1. The gas condenser comprises an upper cavity (LNQ-SQ), a lower cavity (LNQ-XQ), a condenser air inlet pipe (LNQ-JG), an air outlet pipe (LNQ-PQG), a heat exchanger, a balance air pipe (LNQ-QG2), a second separation valve (FLF2), a water outlet pipe (LNQ-PSG) and an exhaust pump (B2);

in the second separation valve (FLF2) of the gas condenser: the lower end of the conical cavity (FLF-ZXQ) is connected with the highest point of the water outlet pipe (FLF-CSG);

in the second separation valve (FLF2) of the gas condenser: the diameter of the heavy ball (FLF-ZQ) is smaller than the large end of the conical cavity (FLF-ZXQ), and the diameter of the heavy ball (FLF-ZQ) is larger than the small end of the conical cavity (FLF-ZXQ);

in the heat exchange tube (LNQ-HG) of the gas condenser: a second tube (LNQ-HG-2)) lying in an axis-vertical manner;

in the heat exchange tube (LNQ-HG) of the gas condenser: a second tube (LNQ-HG-2)) having a lower end open to the outside;

in the gas condenser: the horizontal positions of the openings of the lower ends of the second tubes (LNQ-HG-2)) and the openings of the lower ends of the sixth tubes (LNQ-HG-6) of all the heat exchange tubes (LNQ-HG) of the heat exchanger are lower than the upper end of the conical chamber (FLF-ZXQ) of the second separation valve (FLF 2);

in the gas condenser: the openings of the lower ends of the second tubes (LNQ-HG-2)) and the lower ends of the sixth tubes (LNQ-HG-6) of all heat exchange tubes (LNQ-HG) of the heat exchanger are in the lower chamber (LNQ-XQ);

in the gas condenser: an opening at the lower end of the second tube (LNQ-HG-2)) of all heat exchange tubes (LNQ-HG) of the heat exchanger and a sixth tube (LNQ-HG-6)

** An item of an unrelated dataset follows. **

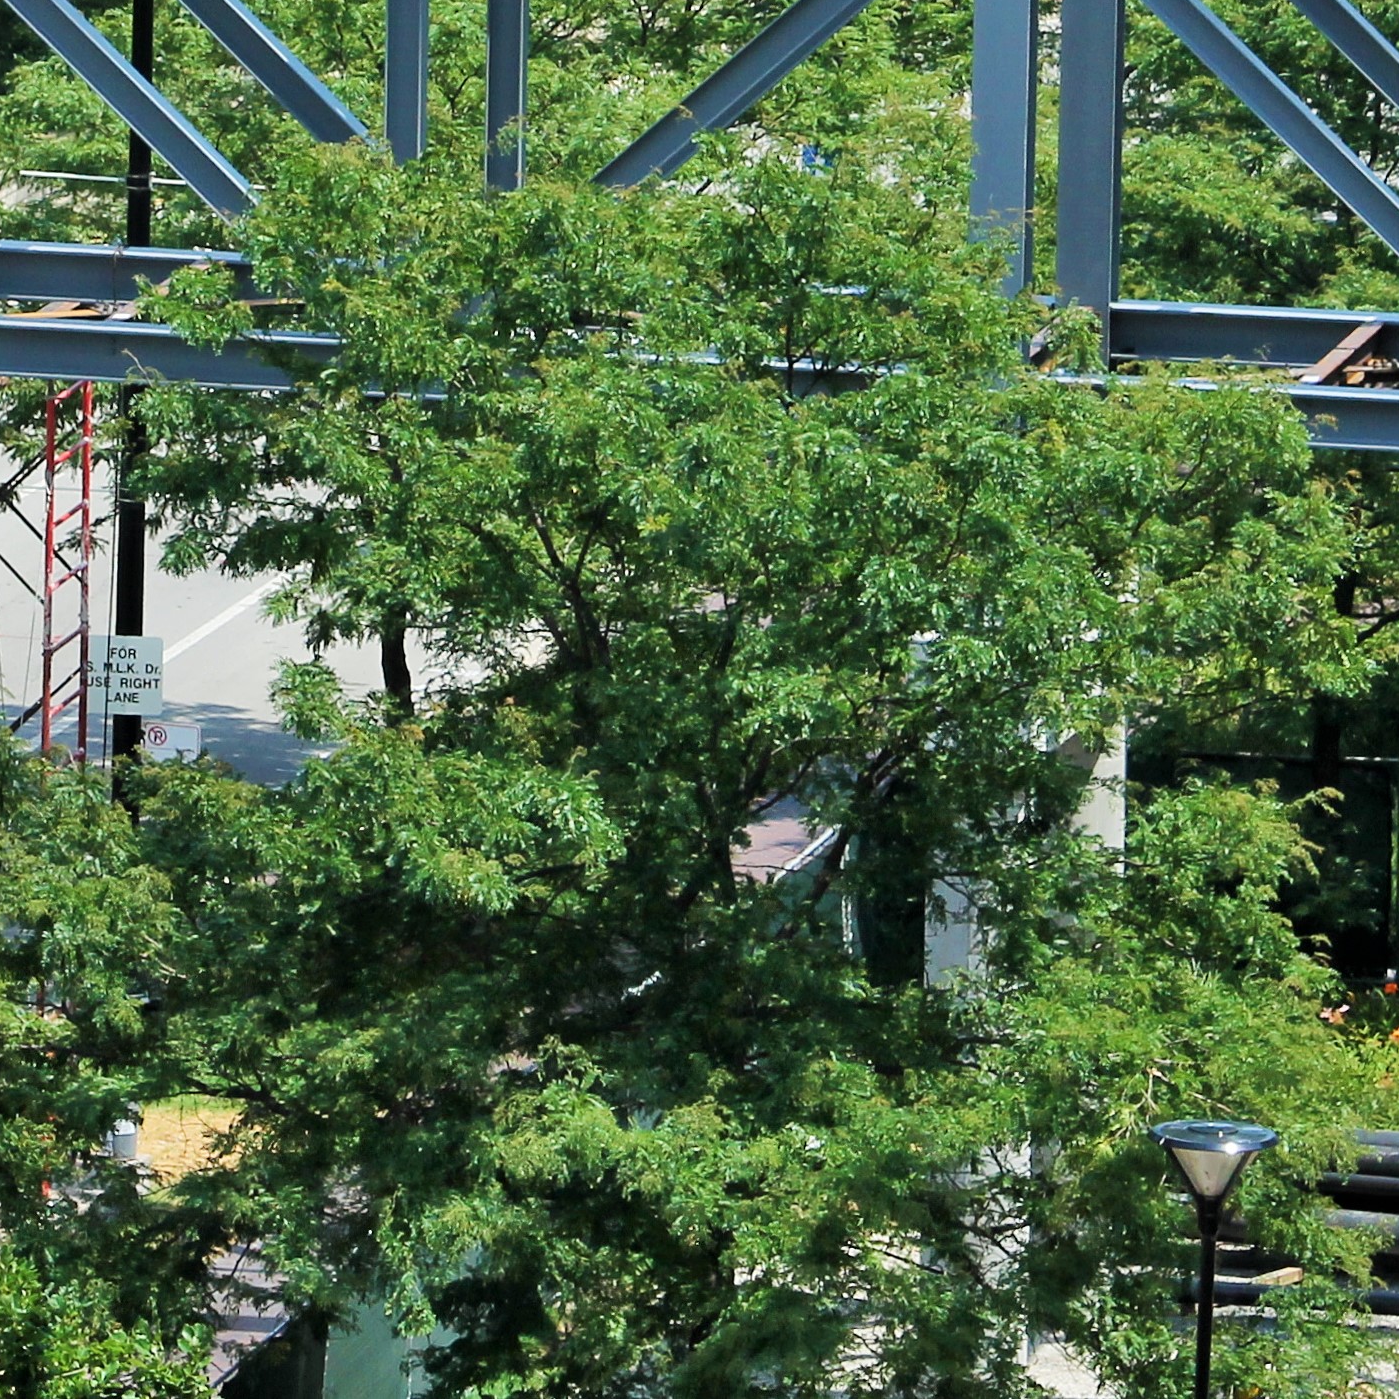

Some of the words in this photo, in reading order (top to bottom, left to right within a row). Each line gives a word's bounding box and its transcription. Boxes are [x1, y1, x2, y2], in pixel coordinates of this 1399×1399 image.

[109, 647, 137, 660] FOR
[145, 663, 162, 675] Dr.
[120, 677, 160, 689] RIGHT
[106, 691, 140, 704] LANE

In the gas condenser: an air inlet of an exhaust pump (B2) is communicated with a seventh pipe (LNQ-HG-7) of the leftmost heat exchange pipe (LNQ-HG), an air outlet of the exhaust pump (B2) is communicated with an air inlet of an exhaust pipe (LNQ-PQG), an air inlet pipe (LNQ-JG) of a condenser is communicated with a first pipe (LNQ-HG-1) of the rightmost heat exchange pipe (LNQ-HG), the gas passes through a heat exchanger and is cooled, water droplets contained in the gas are condensed into water drops, the water drops fall into a lower cavity (LNQ-XQ), and after the water in the lower cavity (LNQ-XQ) reaches a certain water level, a part of the water drops are discharged and retained through a second separation valve (FLF2) to remove the water components contained in the gas;

the upper cavity (LNQ-SQ) is a square cavity.

2. A gas condenser as claimed in claim 1, wherein: the upper chamber (LNQ-SQ) has a temperature sensor therein.

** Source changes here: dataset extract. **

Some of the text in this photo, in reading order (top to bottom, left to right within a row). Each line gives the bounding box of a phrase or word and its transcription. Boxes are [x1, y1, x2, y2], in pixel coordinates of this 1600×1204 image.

3. A gas condenser as claimed in claim 1, wherein: the lower cavity (LNQ-XQ) has a temperature sensor therein.

4. A gas condenser as claimed in claim 1, wherein: the exhaust pipes (LNQ-PQG) are made of metal.

5. A gas condenser as claimed in claim 1, wherein: the exhaust pipes (LNQ-PQG) are made of plastic.

6. A gas condenser as claimed in claim 1, wherein: the material of the balance air pipe (LNQ-QG2) is plastic.

7. A gas condenser as claimed in claim 1, wherein: the balance air pipe (LNQ-QG2) is made of metal.

8. Environmental protection air dust collector, its characterized in that: having a gas condenser as claimed in claim 1.